Amalia was already dressed when I entered her room, sitting primly on the end of the bed in another one of those flowing silk tunics. The room was bigger than mine, built into a corner of the house with a 180-degree view of a forest through floor-to-ceiling windows. There were no curtains, nothing to obscure their view of any deer or birds that might come to visit. The morning sun was bursting through those trees in long streaks that hit my face.

My aunt chuckled when she saw me staring at it, my jaw hanging open slightly. Then again, she'd been smiling and laughing quite a bit since last night, so happy here that she couldn't help herself. A stack of novels sat by her bed, and flowing green vines dripped out of macrame plant-holders in nearly every corner.

"Do you like it?" she asked.

"It's beautiful," I admitted. "You must be very happy here."

She nodded, but a hint of guilt overtook her face. "I'm sorry about this," she said, pointing to the sensor at my temple.

"Are you?"

"Yes. I can only imagine what you're thinking about me now."

"I'm not thinking about you at all," I said. And it was the truth—a thought which made me shake my head in frustration. Of course it was the truth. I had no choice now but to tell the truth. Was it the device making me say it? Or myself? Would I spend the rest of my life never knowing the difference?

I had to get this thing out of my head. Before it was too late.

Of course, I wouldn't say any of that to Amalia. Instead, I just wondered how Elaheh had paid for all this. I knew I could ask; Amalia would have to tell me. But I already suspected the answer. There were many ways to cheat the system with time travel. My mother's boyfriend John had done it, too, in the world beneath the lake. All it takes is a couple winning lottery numbers or...

Or knowing about an important invention before it goes public.

I shook away the thought, reminding myself to focus on the problem at hand. It was none of my concern how they'd done it. They would have to live with their own consciences. "You know," I said instead, "you didn't have to trick me.
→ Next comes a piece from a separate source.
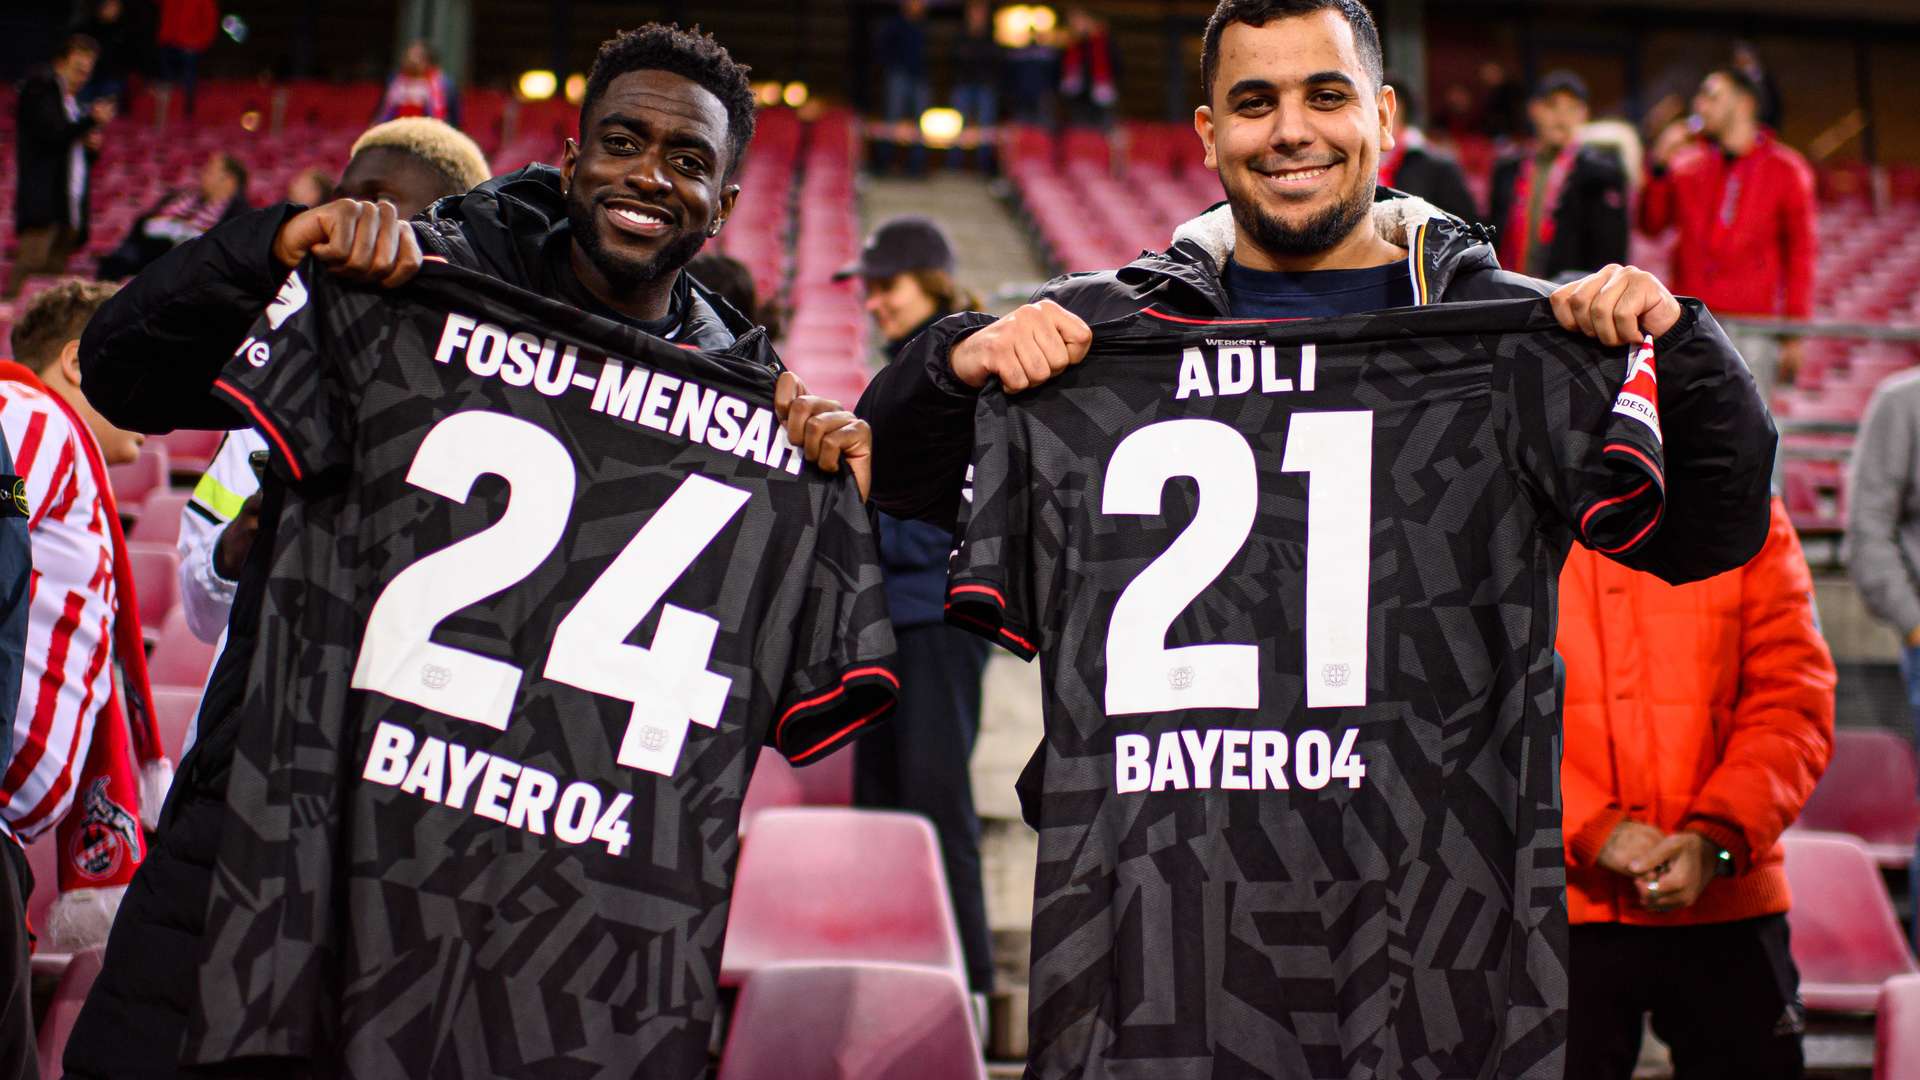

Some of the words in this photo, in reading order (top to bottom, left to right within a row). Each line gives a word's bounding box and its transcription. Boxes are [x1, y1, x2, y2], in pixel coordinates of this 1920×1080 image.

I would have come anyway if you'd told me Brady needed me."

"I didn't mean it as a trick," she said. "I just left clues vague enough that only you would know to follow them. We can't have anyone else coming through the door."

A pulsating sensation gripped the side of my head, and I swear my mouth opened of its own will. I had to clamp it shut. I almost told her about Adam. It took a concerted effort to train my thoughts onto something else.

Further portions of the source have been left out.